砂から飛び出す狂暴なアカエソさんの知られざる生態! 小笠原
- 鋭い視線であたりの様子を伺っているのはヒメ目エソ科アカエソ属に分類されるアカエソさんではないでしょうか?・・・アカエソさんは体長30cm前後で細長い円筒形の体をしていて全体的に赤みを帯びた褐色をしています・・・日本では千葉県以南の太平洋沿岸や日本海・東シナ海・小笠原諸島などの浅い岩礁域やサンゴ礁の砂地で暮らしていて大きな口と鋭い歯を持ち海底の砂や岩場に身を潜めて近づく獲物を丸呑みにする獰猛な肉食魚として知られています・・・非常によく似たミナミアカエソさんという方がいらっしゃいますが背鰭の軟条数がアカエソさんは13〜14本でミナミアカエソさんは10〜13本です・・・また鼻孔にある突起である鼻の皮弁はアカエソさんはへら状(幅広)でミナミアカエソさんは棒状をしています。

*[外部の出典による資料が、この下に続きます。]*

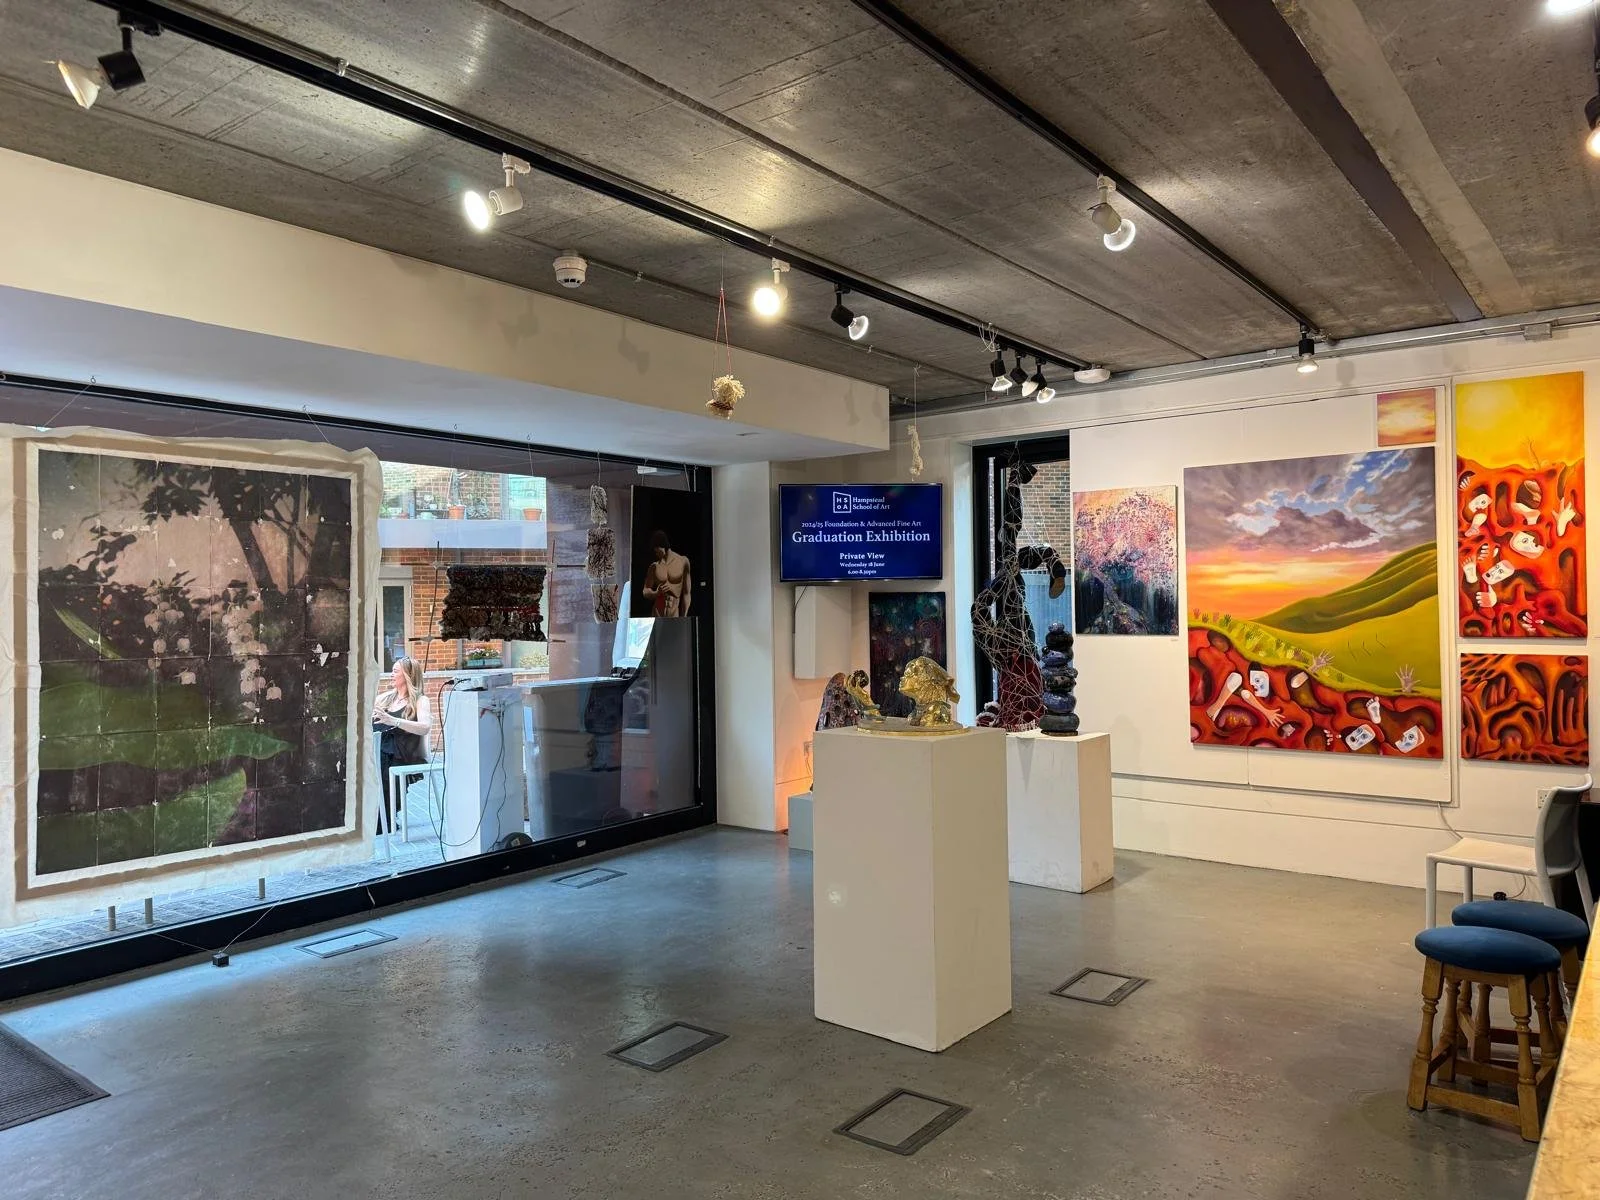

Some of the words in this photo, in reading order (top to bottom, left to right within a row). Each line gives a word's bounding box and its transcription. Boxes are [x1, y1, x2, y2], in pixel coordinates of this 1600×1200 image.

[852, 496, 885, 504] Hampstead
[792, 530, 863, 543] Graduation
[866, 530, 930, 541] Exhibition
[839, 552, 865, 560] Private
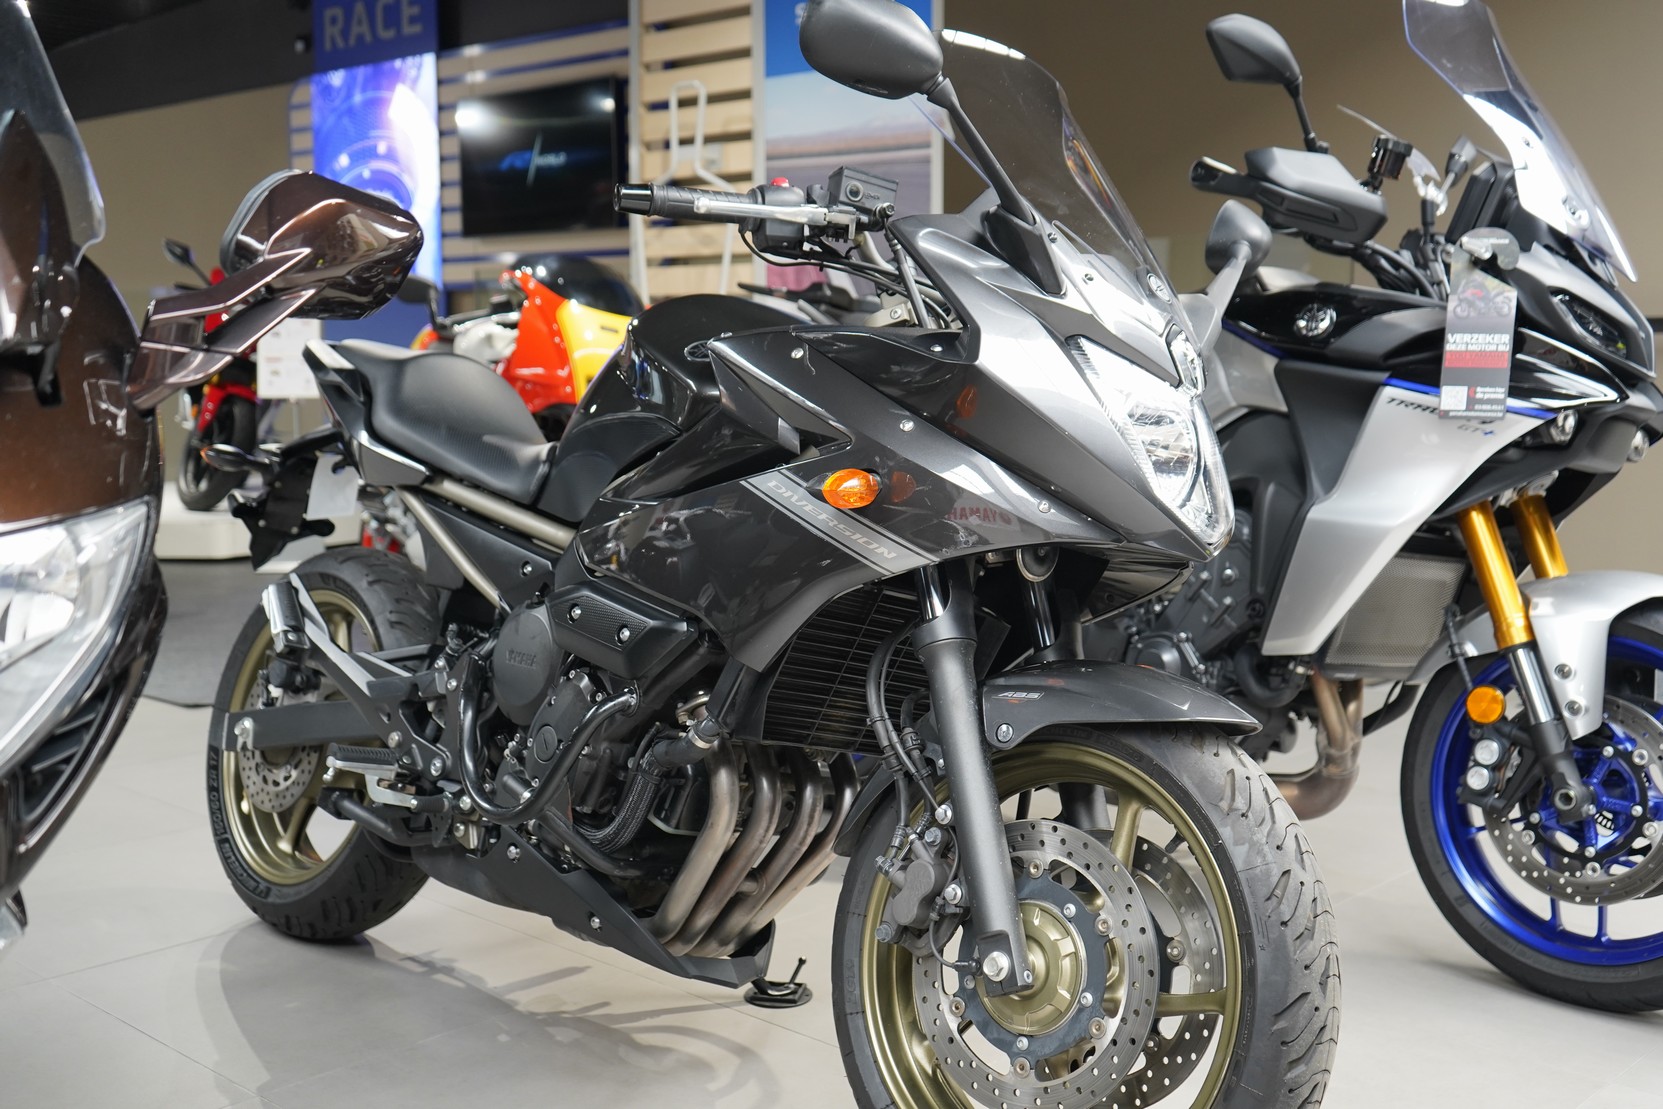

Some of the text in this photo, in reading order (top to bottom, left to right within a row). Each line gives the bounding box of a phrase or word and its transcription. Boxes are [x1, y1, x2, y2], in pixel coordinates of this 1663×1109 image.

[323, 0, 424, 51] RACE
[1447, 333, 1510, 344] VERZEKER
[1468, 343, 1497, 352] MOTOR
[767, 480, 897, 559] DIVERSION
[997, 691, 1042, 699] ABS
[208, 751, 217, 767] 17
[208, 769, 218, 788] ZR
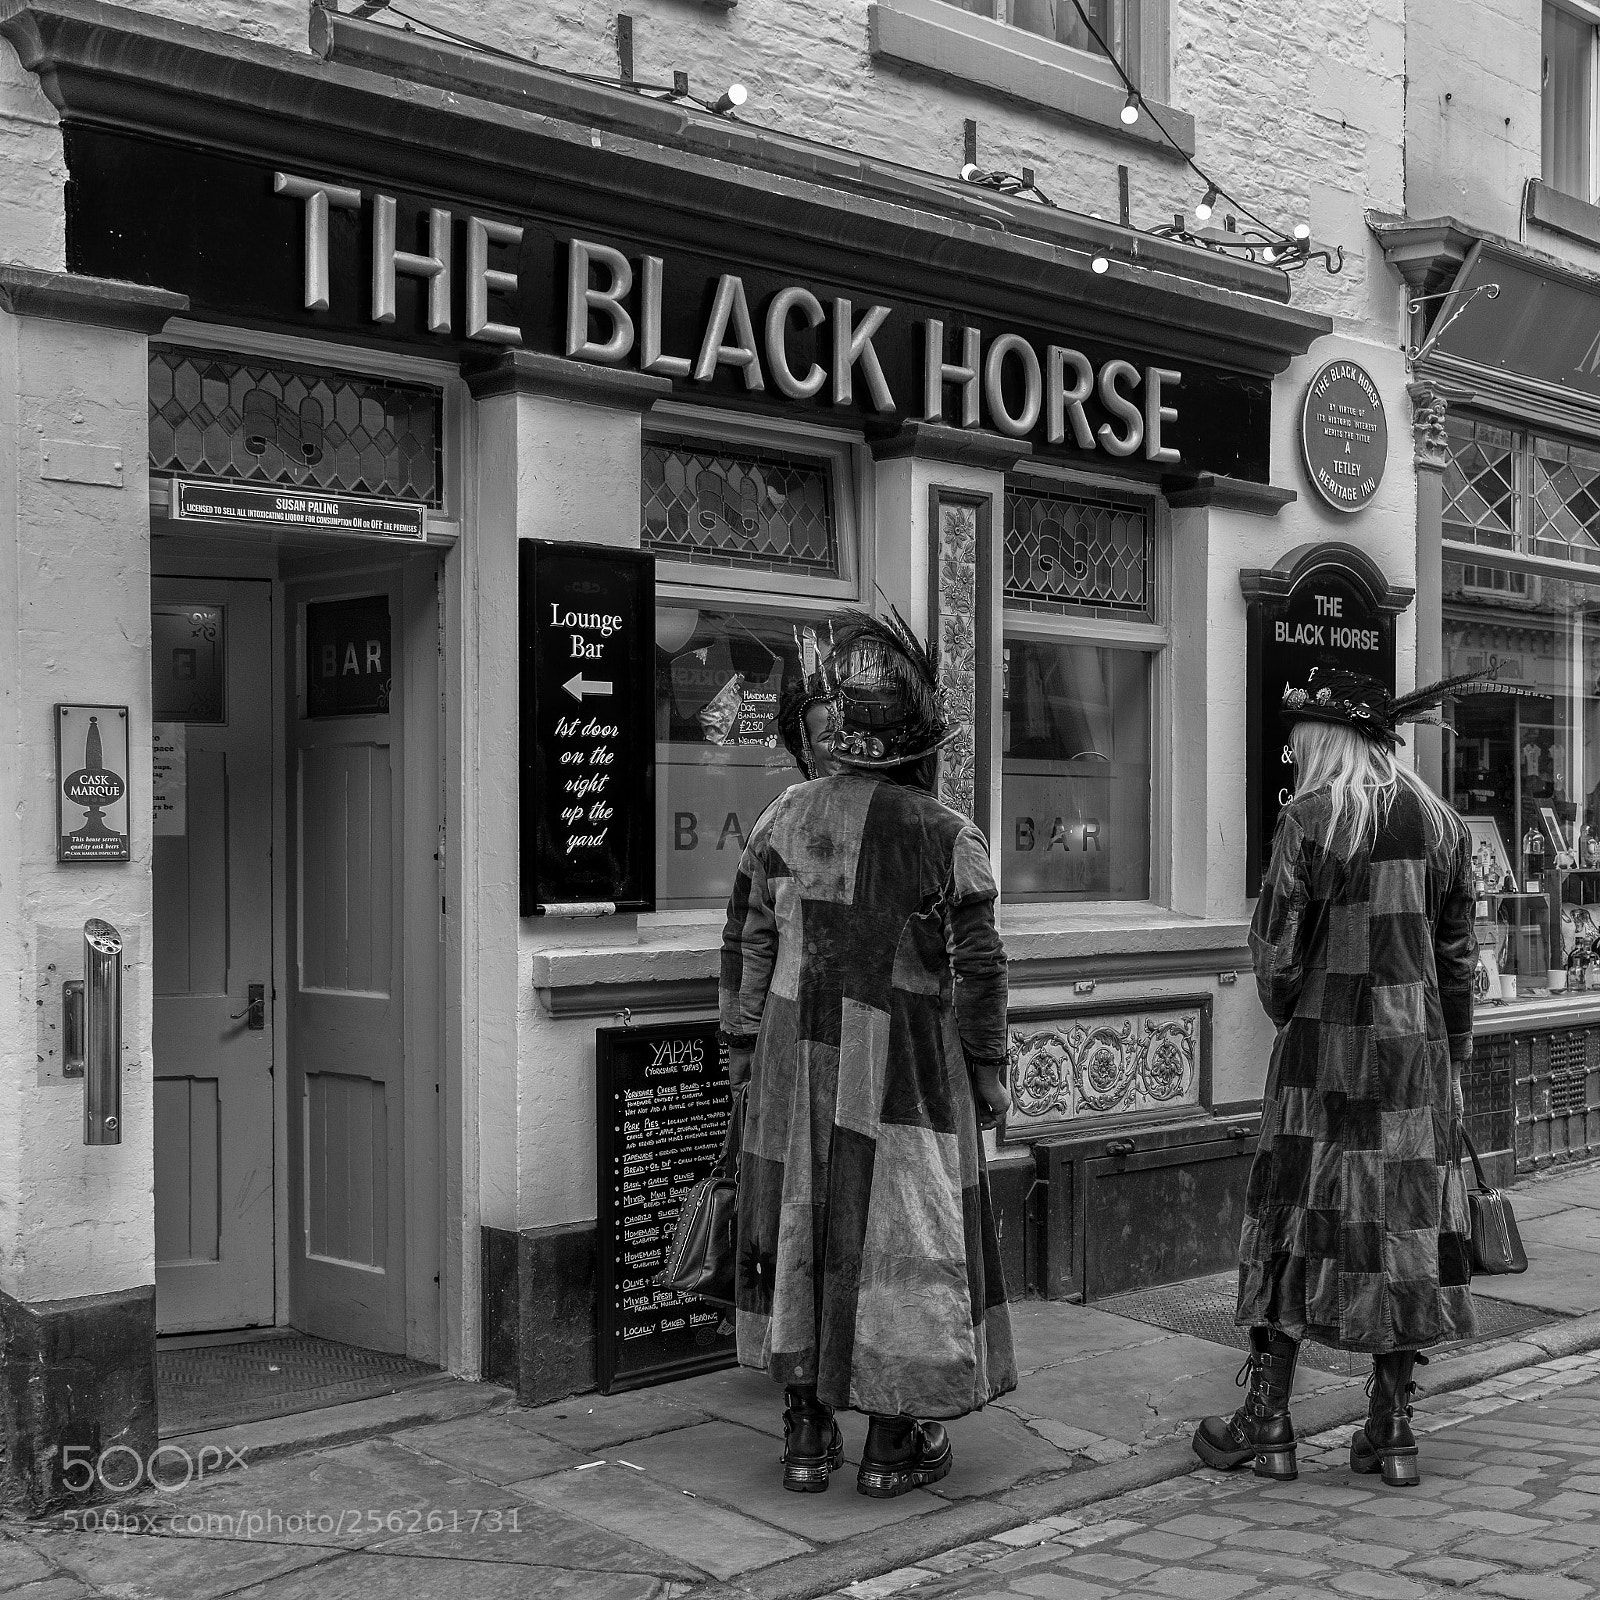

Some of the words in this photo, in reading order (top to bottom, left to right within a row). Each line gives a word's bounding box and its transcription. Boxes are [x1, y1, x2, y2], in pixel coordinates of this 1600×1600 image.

[274, 171, 524, 342] THE
[566, 237, 896, 413] BLACK
[925, 318, 1182, 462] HORSE
[1313, 374, 1330, 398] THE
[1330, 365, 1356, 382] BLACK
[1358, 373, 1380, 410] HORSE
[1329, 403, 1336, 411] BY
[1338, 404, 1356, 416] VIRTUE
[1359, 409, 1365, 417] OF
[1316, 412, 1326, 422] ITS
[1328, 415, 1351, 427] HISTORIC
[1354, 419, 1378, 432] INTEREST
[1324, 427, 1343, 438] MERITS
[1344, 431, 1354, 440] THE
[1356, 433, 1371, 444] TITLE
[1345, 441, 1351, 454] A
[1333, 460, 1361, 477] TETLEY
[1318, 467, 1357, 501] HERITAGE
[1360, 476, 1376, 497] INN
[276, 498, 305, 512] SUSAN
[307, 501, 339, 515] PALING
[187, 503, 214, 514] LICENSED
[214, 506, 222, 514] TO
[223, 507, 236, 516] SELL
[237, 508, 247, 517] ALL
[248, 509, 284, 520] INTOXICATING
[285, 513, 304, 522] LIQUOR
[305, 514, 316, 523] FOR
[316, 516, 352, 526] CONSUMPTION
[352, 517, 362, 527] ON
[363, 520, 370, 528] OR
[371, 519, 383, 529] OFF
[383, 522, 392, 530] THE
[393, 523, 418, 533] PREMISES
[1314, 595, 1343, 618] THE
[550, 602, 623, 637] Lounge
[1275, 621, 1324, 646] BLACK
[1330, 626, 1379, 651] HORSE
[569, 634, 604, 658] Bar
[322, 640, 382, 677] BAR
[744, 690, 777, 701] HANDMADE
[738, 711, 774, 720] BANDANAS
[740, 703, 756, 712] DOG
[554, 716, 582, 737] 1st
[581, 716, 619, 738] door
[739, 721, 764, 732] £2.50
[738, 738, 764, 746] WELCOME
[560, 750, 584, 765] on
[589, 744, 614, 765] the
[1281, 744, 1293, 763] &
[79, 775, 109, 785] CASK
[563, 772, 609, 799] right
[70, 785, 119, 798] MARQUE
[560, 804, 583, 827] up
[589, 800, 613, 821] the
[674, 812, 746, 851] BA
[1015, 816, 1101, 851] BAR
[565, 827, 608, 855] yard
[650, 1038, 704, 1067] YAPAS
[681, 1061, 703, 1073] TAPAS)
[624, 1088, 654, 1099] YORKSHIRE
[657, 1085, 677, 1095] CHEESE
[680, 1082, 700, 1090] BOARD
[669, 1102, 686, 1110] BOTTLE
[624, 1121, 640, 1132] PORK
[644, 1118, 659, 1129] PIES
[667, 1117, 688, 1126] LOCALLY
[622, 1151, 654, 1162] TAPENADE
[623, 1165, 644, 1175] BREAD
[649, 1162, 660, 1170] OIL
[661, 1159, 672, 1168] DIP
[623, 1181, 642, 1191] BASIL
[647, 1176, 669, 1186] GARLIC
[673, 1172, 695, 1181] OLIVES
[623, 1194, 646, 1206] MIXED
[650, 1190, 666, 1200] MINI
[669, 1186, 691, 1196] BOARD
[643, 1201, 661, 1209] BREAD
[624, 1213, 652, 1224] CHORIZO
[657, 1208, 679, 1218] SLICES
[624, 1226, 660, 1239] HOMEMADE
[624, 1248, 661, 1263] HOMEMADE
[632, 1260, 660, 1269] CIABATTA
[622, 1278, 644, 1290] OLIVE
[623, 1296, 649, 1308] MIXED
[652, 1290, 673, 1302] FRESH
[623, 1323, 656, 1338] LOCALLY
[661, 1318, 686, 1330] BAKED
[690, 1312, 718, 1325] HERRING

- アカエソさんは白身で意外にも美味しいお魚さんなのですが硬くて細かい小骨が無数にあるため非常に食べにくいのが難点です・・・そのためすり身にしてカマボコなどの練り製品にするのが一般的ですが骨を気にせず食べるならじっくり火を通す唐揚げや良いダシが出るため味噌汁にするのが向いています・・・アカエソさんは浅い海の岩礁やサンゴ礁に潜む極めて戦闘力の高い肉食魚で昼間は砂に潜み目だけを出していますが夜行性であり夜になると狂暴な捕食活動を始めます・・・基本は待ち伏せ型ですが時には水面近くまで激しく泳ぎ上がりツノダシさんなどの機敏な魚を襲うほどの瞬発力を持っています・・・比較的身近なお魚さんでありながら実は幼魚期の生態や正確な寿命や成長スピードなどは現代の科学でもよく分かっていないそうです。